Perry spent a month collecting signatures for a petition supporting Red Bridge restoration after the Task Force’s initial attempt at winning CTEP funds was hampered by the county’s perceived lack of community support.
Given a second chance after the commissioners decided the group had not had enough information to properly fill out their applications in the first round, the Task Force set out to illustrate the project’s support within the community.
One thousand signatures later, Perry could report only good news from his efforts.
“There were no negatives,” Perry said. “I didn’t speak to a single person that declined to support the project. The community is just 100 percent behind this.”
Commissioner Jim Dupont said he didn’t think it was fair that the Red Bridge was initially overlooked and he supports the project because the bridge would be a safer route for kids walking or biking to school.
This safety feature also caught the attention of the federal Safe Route to Schools program, said First Best Place Executive Director Barry Conger. He anticipates that the Red Bridge will qualify for grants from the program because it shortens the distance to schools by two and a half miles and redirects kids from the more-dangerous highway.
The project already has $50,000 in private and in-kind donations, Conger said, and they are expecting another $50,000 in services and materials.
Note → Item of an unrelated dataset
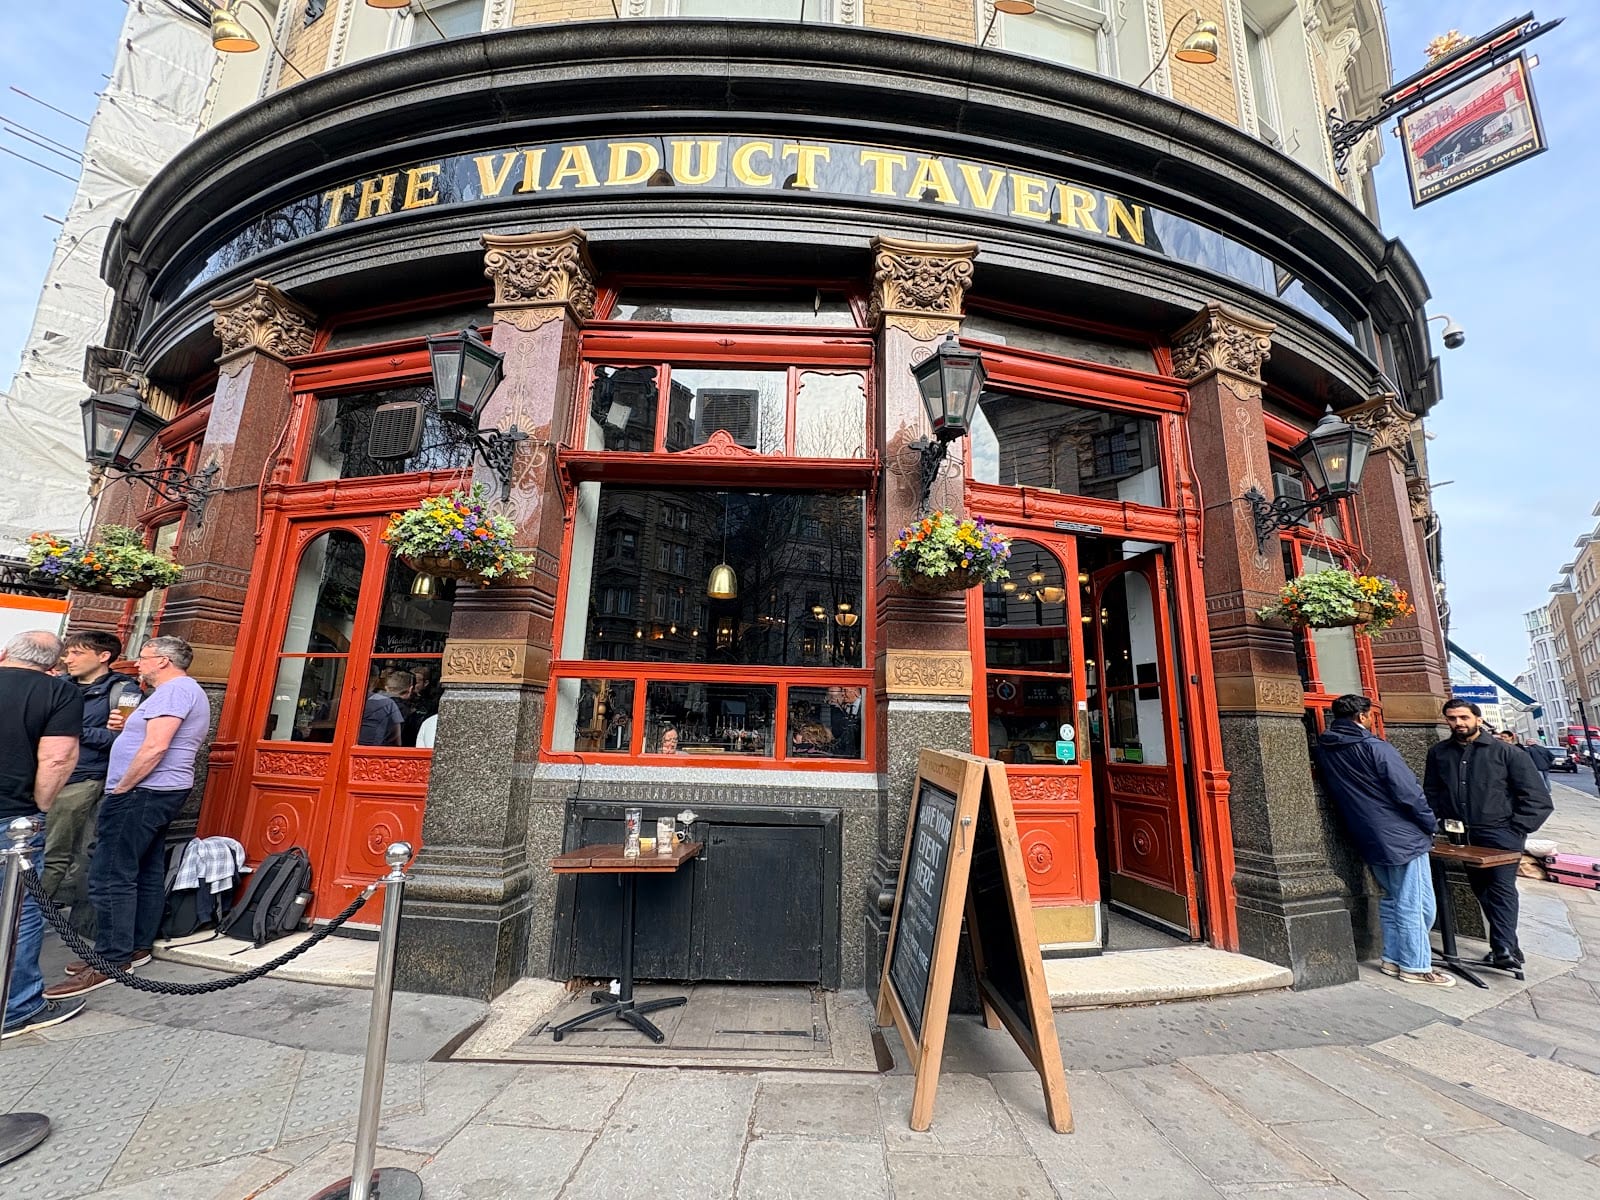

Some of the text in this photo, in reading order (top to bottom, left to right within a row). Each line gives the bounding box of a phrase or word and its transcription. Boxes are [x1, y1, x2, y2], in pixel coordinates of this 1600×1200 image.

The remaining balance is expected to come from grants and donations, he said.
The group has even set a tentative construction date for 2011.
The commissioners also voted to allocate CTEP monies to two other projects; $300,000 went to the trail along the Swan River Road and $300,000 went to a project submitted for a trail along Blacktail Road in Lakeside.
It has been over a decade since Columbia Falls has received CTEP funds, Renfrow said, a point that has not gone unnoticed in government.
“There’s really been no CTEP money available for Columbia Falls,” Dupont said. “I certainly felt they deserve a shot.”
Columbia Falls Mayor Don Barnhart agreed.
“Columbia Falls has been lagging way behind in receiving a share of the county CTEP funding,” Barnhart said.
Barnhart reinforced the city’s dedication to the project, which also includes the possibility of transferring the bridge’s possession from the county to Columbia Falls once it is finished.
Despite hurdles still left to clear, the promise of CTEP money strengthened the hope that the old Red Bridge will connect Columbia Falls once again.
“Pedestrian bridges just dramatically affect (cities),” Renfrow said. “People think so much better of their community and they make the community more attractive for businesses.”